Following the US-led invasion of Afghanistan in 2001 and the subsequent fall of the Taliban regime, international actors embarked on an ambitious project of political, social, and economic reconstruction. Central to this agenda was the stated objective of improving the status of Afghan women, a goal that was framed as both a moral imperative and a strategic necessity for building a democratic and stable state. Western policymakers frequently portrayed women’s liberation as evidence of progress and legitimacy for international intervention, yet these efforts were deeply shaped by external assumptions rather than grounded in Afghanistan’s social, cultural, and political realities.

While post-2001 interventions produced some visible gains in women’s education, healthcare, and political participation, they were also marked by significant limitations. Many programmes were designed according to Western liberal models of gender equality and failed to engage meaningfully with local power structures, religious traditions, and community dynamics. In areas where the Taliban retained influence, initiatives aimed at increasing women’s public participation often provoked backlash, heightened insecurity, and reinforced conservative resistance. International interventions in Afghanistan after 2001, despite their stated commitment to women’s rights, often exacerbated rather than alleviated gendered vulnerabilities. Rescue-oriented narratives, cultural insensitivity, and top-down policy frameworks undermined local agency and reinforced patriarchal power.

Scholars such as Kandiyoti and Abu-Lughod have shown that these interventions frequently generated uneven expectations and new forms of gendered vulnerability rather than sustainable transformation. Although urban women, particularly those from educated and elite backgrounds, benefited from increased opportunities, the majority of Afghan women in rural and marginalised communities remained largely excluded from these reforms. As a result, international policies not only struggled to dismantle patriarchal structures but, in some cases, inadvertently reinforced them. These feminist critiques highlight that security policies prioritised military objectives over human security, neglecting the lived realities of Afghan women. The exclusion of women from decision-making processes further weakened the legitimacy and effectiveness of reform initiatives.

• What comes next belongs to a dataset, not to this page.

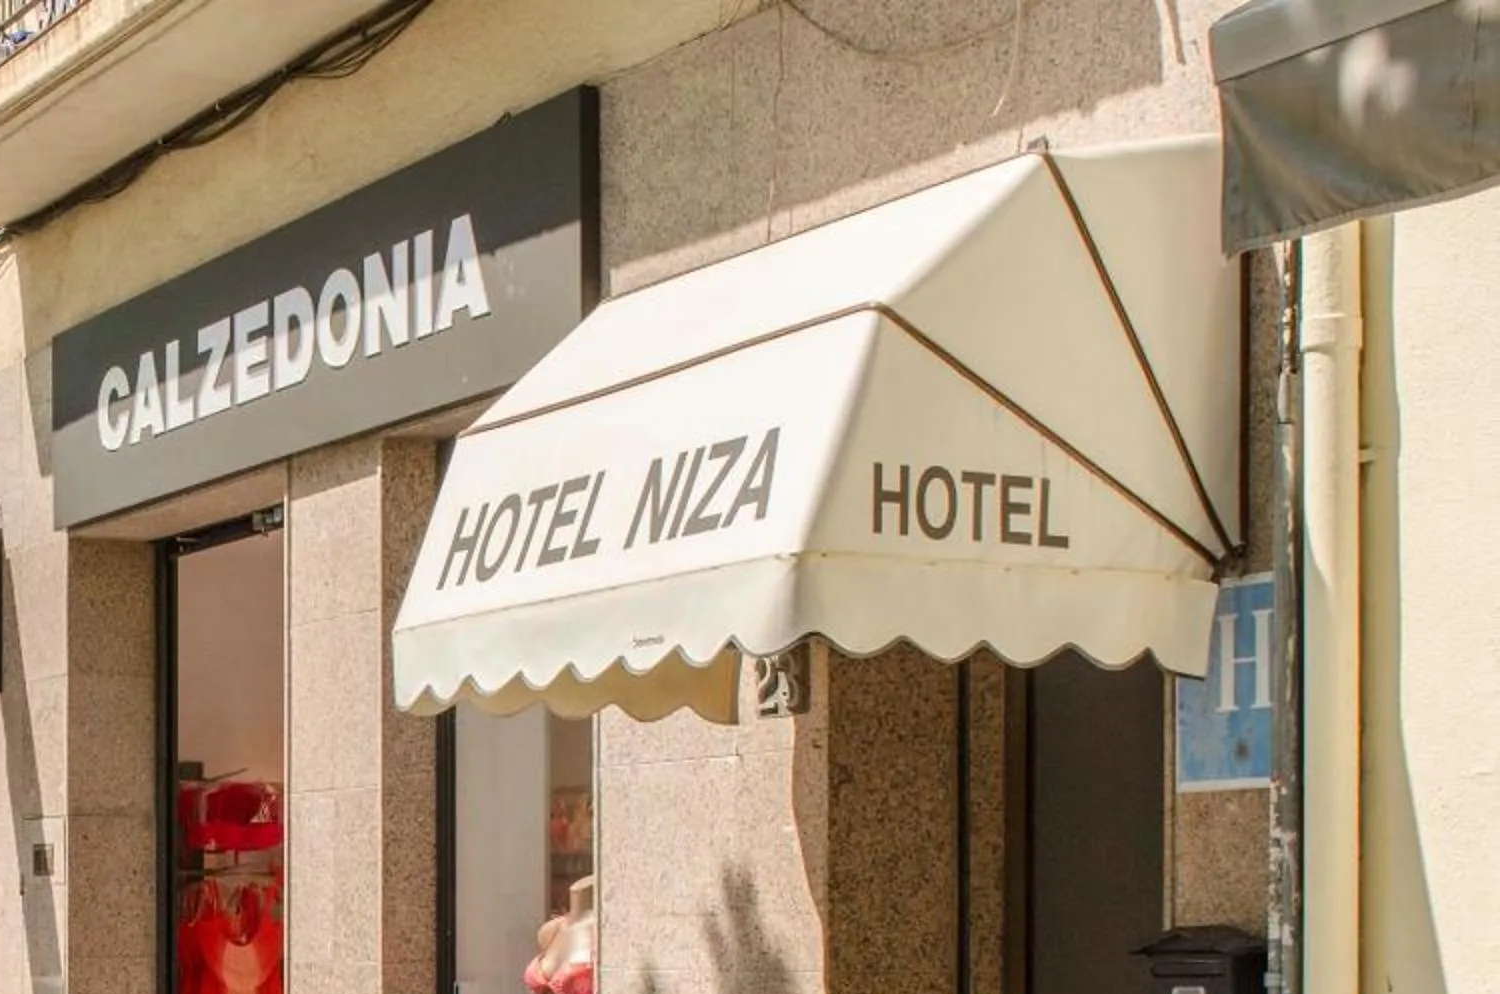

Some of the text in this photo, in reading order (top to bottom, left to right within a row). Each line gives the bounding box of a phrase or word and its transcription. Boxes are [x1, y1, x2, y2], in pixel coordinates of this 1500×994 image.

[98, 213, 492, 451] CALZEDONIA
[435, 426, 781, 591] HOTEL NIZA
[872, 462, 1070, 549] HOTEL

Feminist Critiques of International Intervention

Feminist scholarship provides a critical lens for analysing the gendered consequences of military and humanitarian interventions. Thinkers such as Cooke and Butler argue that Western-led interventions have often failed to reduce gender insecurity and, in many cases, have strengthened local patriarchal structures. Instead of fostering sustainable change, these interventions created new forms of dependency and layered vulnerabilities for Afghan women.

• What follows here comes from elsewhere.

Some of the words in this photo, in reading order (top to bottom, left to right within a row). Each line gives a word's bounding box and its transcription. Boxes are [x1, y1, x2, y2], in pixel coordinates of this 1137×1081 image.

Leila Ahmed’s concept of “saving brown women by white men” is particularly relevant in this context. This framing highlights how humanitarian rhetoric has historically been used to justify military and political domination. In Afghanistan, Afghan women were frequently portrayed as passive victims in need of rescue, rather than as active political agents with their own aspirations and strategies. This narrative reinforced Western hegemony while marginalising local women’s voices and priorities.

Similarly, Kabeer critiques the assumption that military intervention can automatically produce gender equality. She argues that international programmes tended to focus on surface-level indicators such as school enrolment or parliamentary representation while neglecting the structural roots of gender inequality embedded in economic systems, social norms, and legal institutions.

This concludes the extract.